● **What the task requires**
When you repeat the entries, reproduce each line exactly and omit every picture.

*** Available records ***

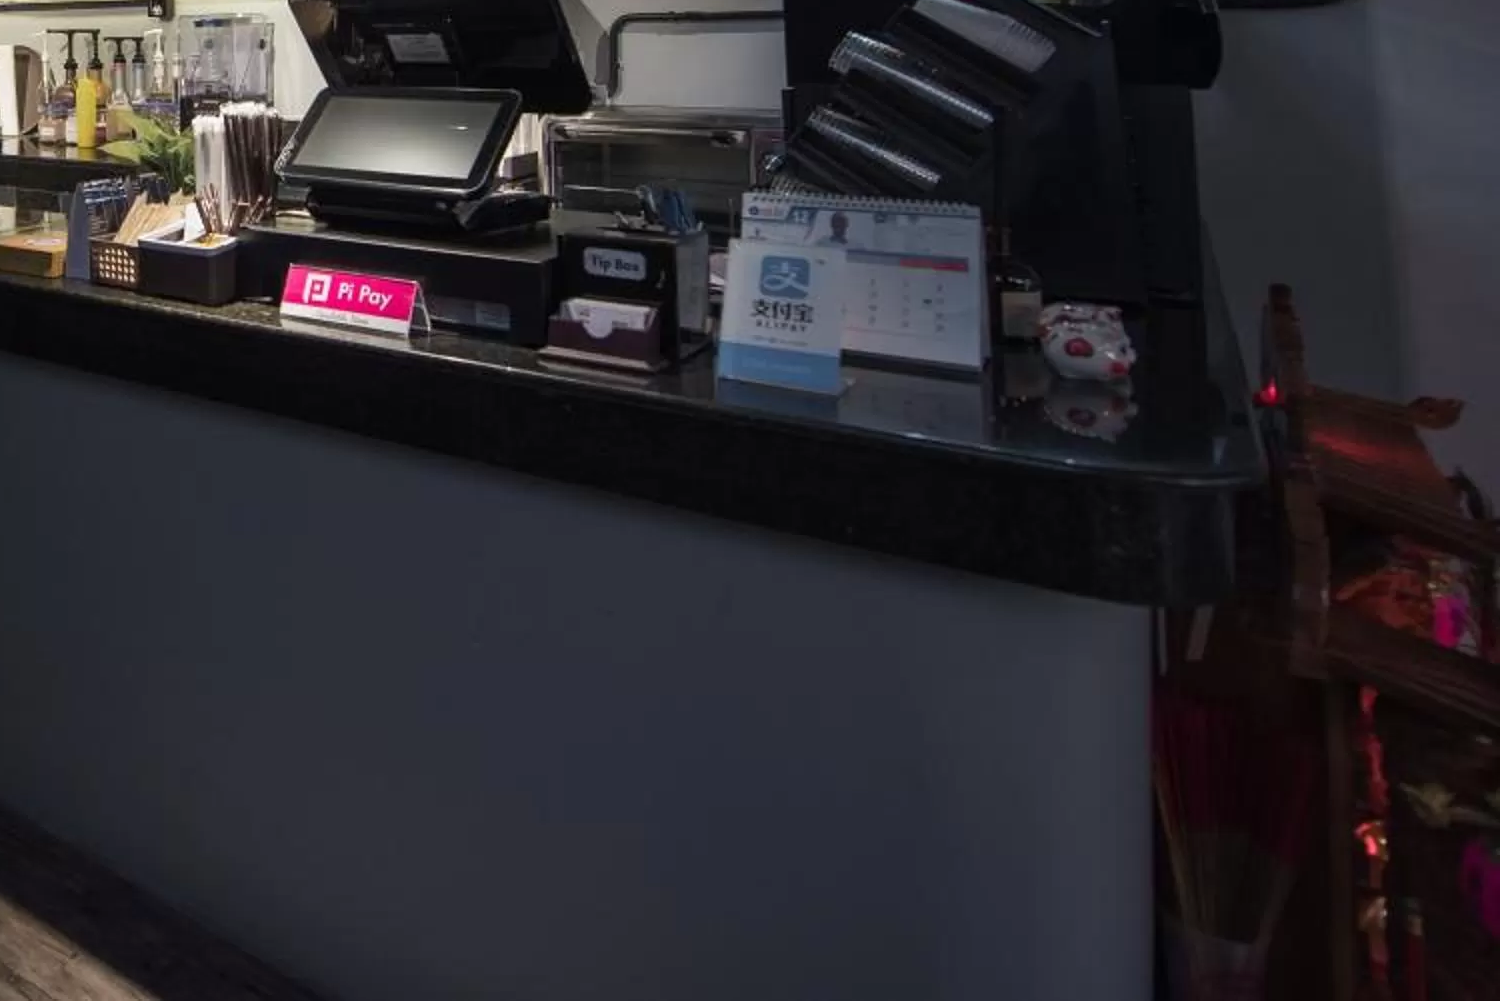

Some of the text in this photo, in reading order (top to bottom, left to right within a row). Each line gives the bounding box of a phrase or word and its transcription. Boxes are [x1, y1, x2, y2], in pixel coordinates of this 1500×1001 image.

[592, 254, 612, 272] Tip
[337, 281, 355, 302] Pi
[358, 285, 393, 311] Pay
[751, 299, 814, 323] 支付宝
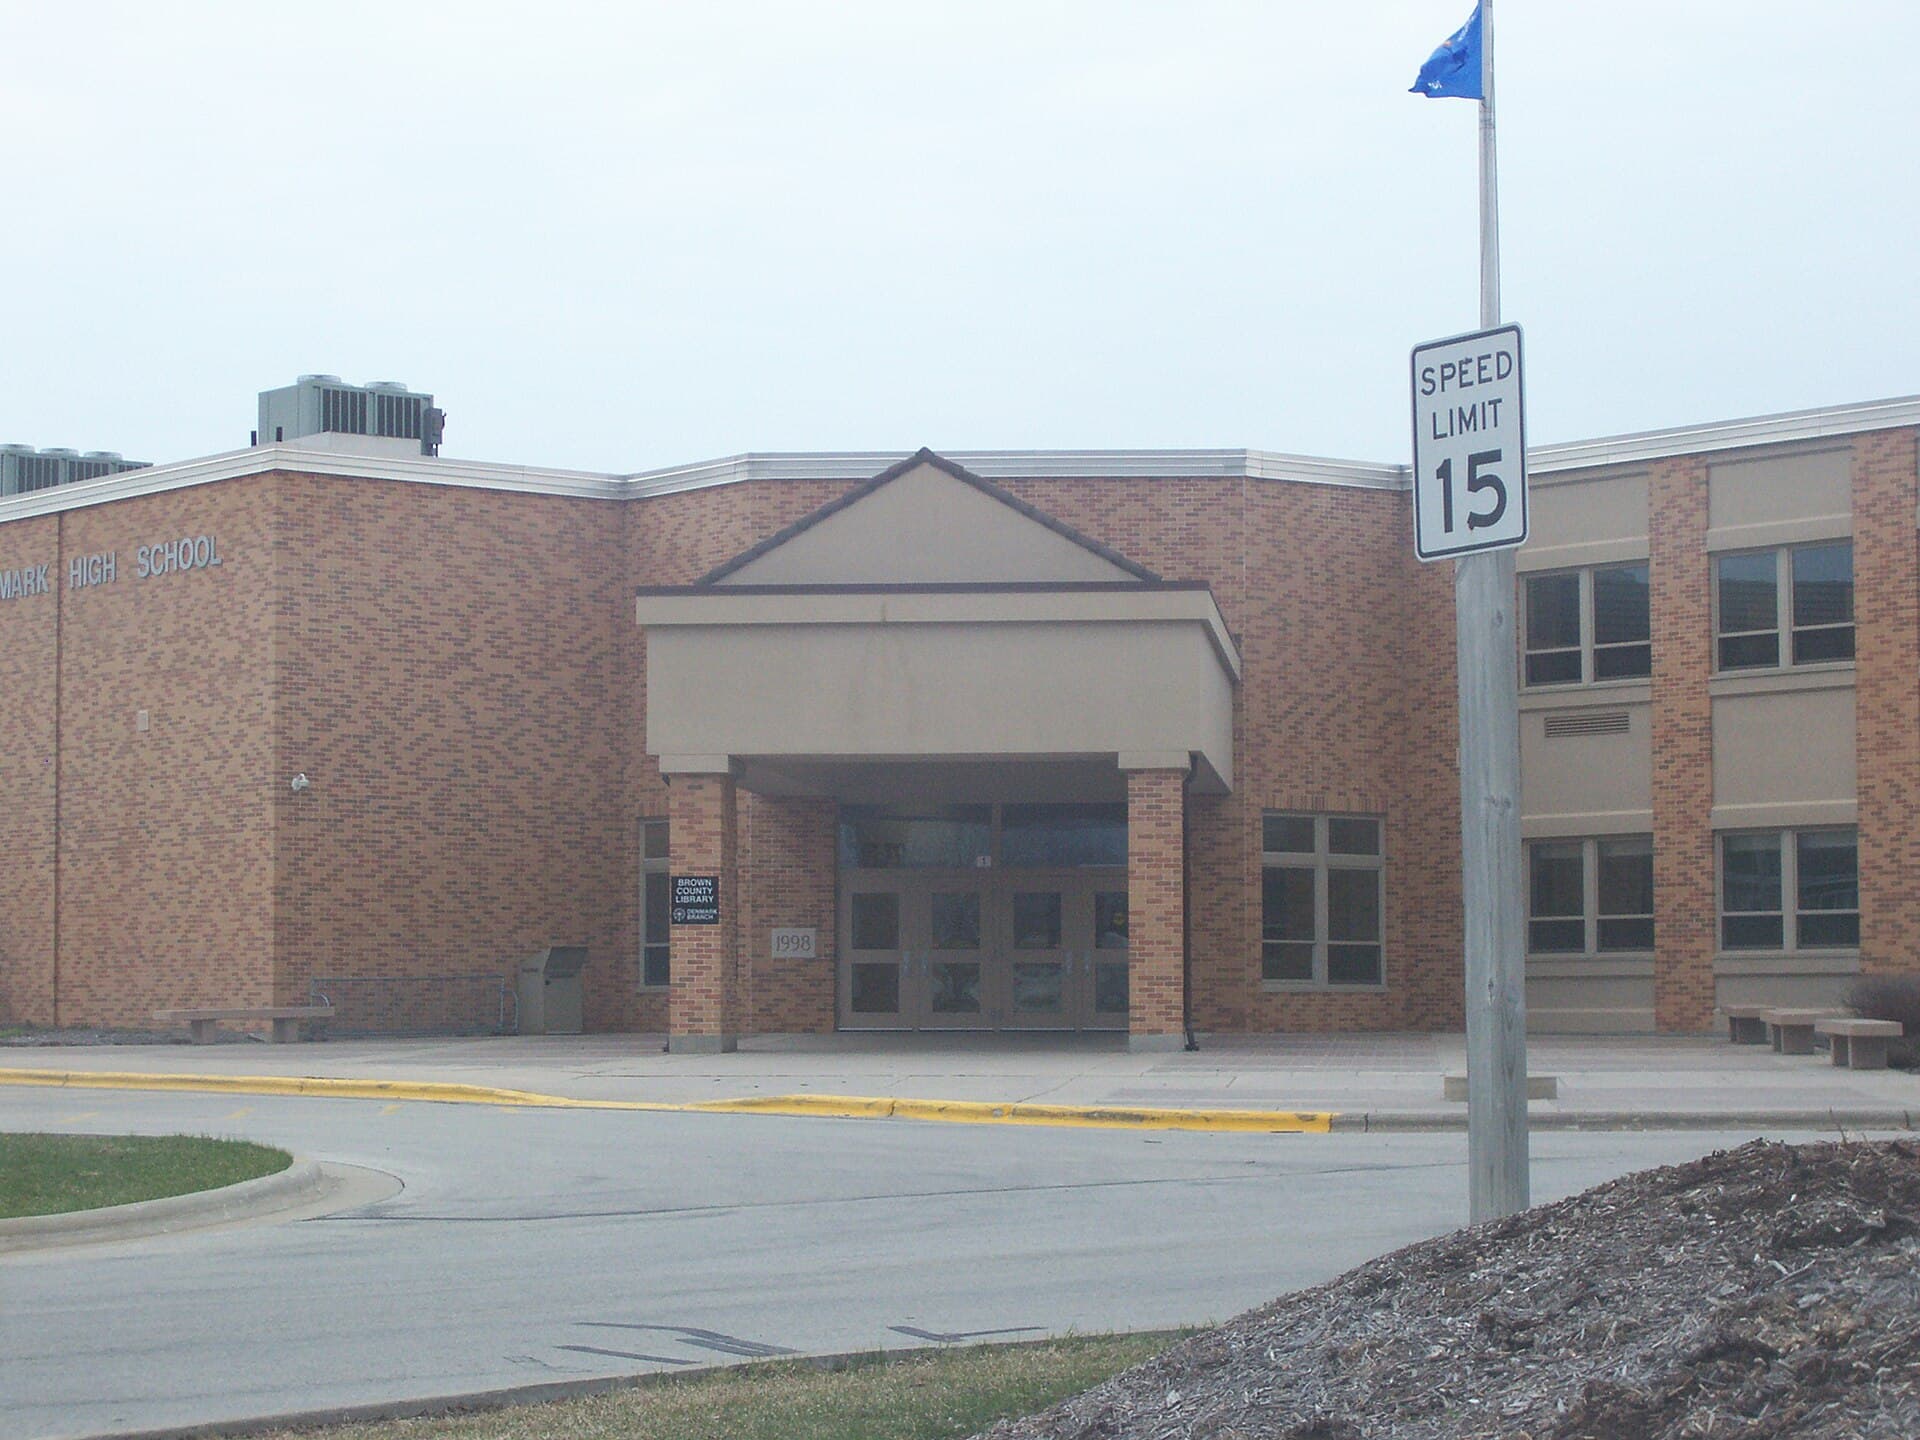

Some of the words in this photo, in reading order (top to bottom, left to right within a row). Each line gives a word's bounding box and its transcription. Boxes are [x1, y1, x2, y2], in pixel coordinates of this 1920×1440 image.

*** End of Available records ***

● **Answer for this exercise**
Some of the text in this photo, in reading order (top to bottom, left to right within a row). Each line gives the bounding box of a phrase or word and its transcription. Boxes are [x1, y1, x2, y2], in pixel coordinates of this 1500×1001 image.

[592, 254, 612, 272] Tip
[337, 281, 355, 302] Pi
[358, 285, 393, 311] Pay
[751, 299, 814, 323] 支付宝

Some of the words in this photo, in reading order (top to bottom, left to right within a row). Each line gives a word's bounding box and its transcription. Boxes are [x1, y1, x2, y2], in pixel coordinates of this 1920×1440 image.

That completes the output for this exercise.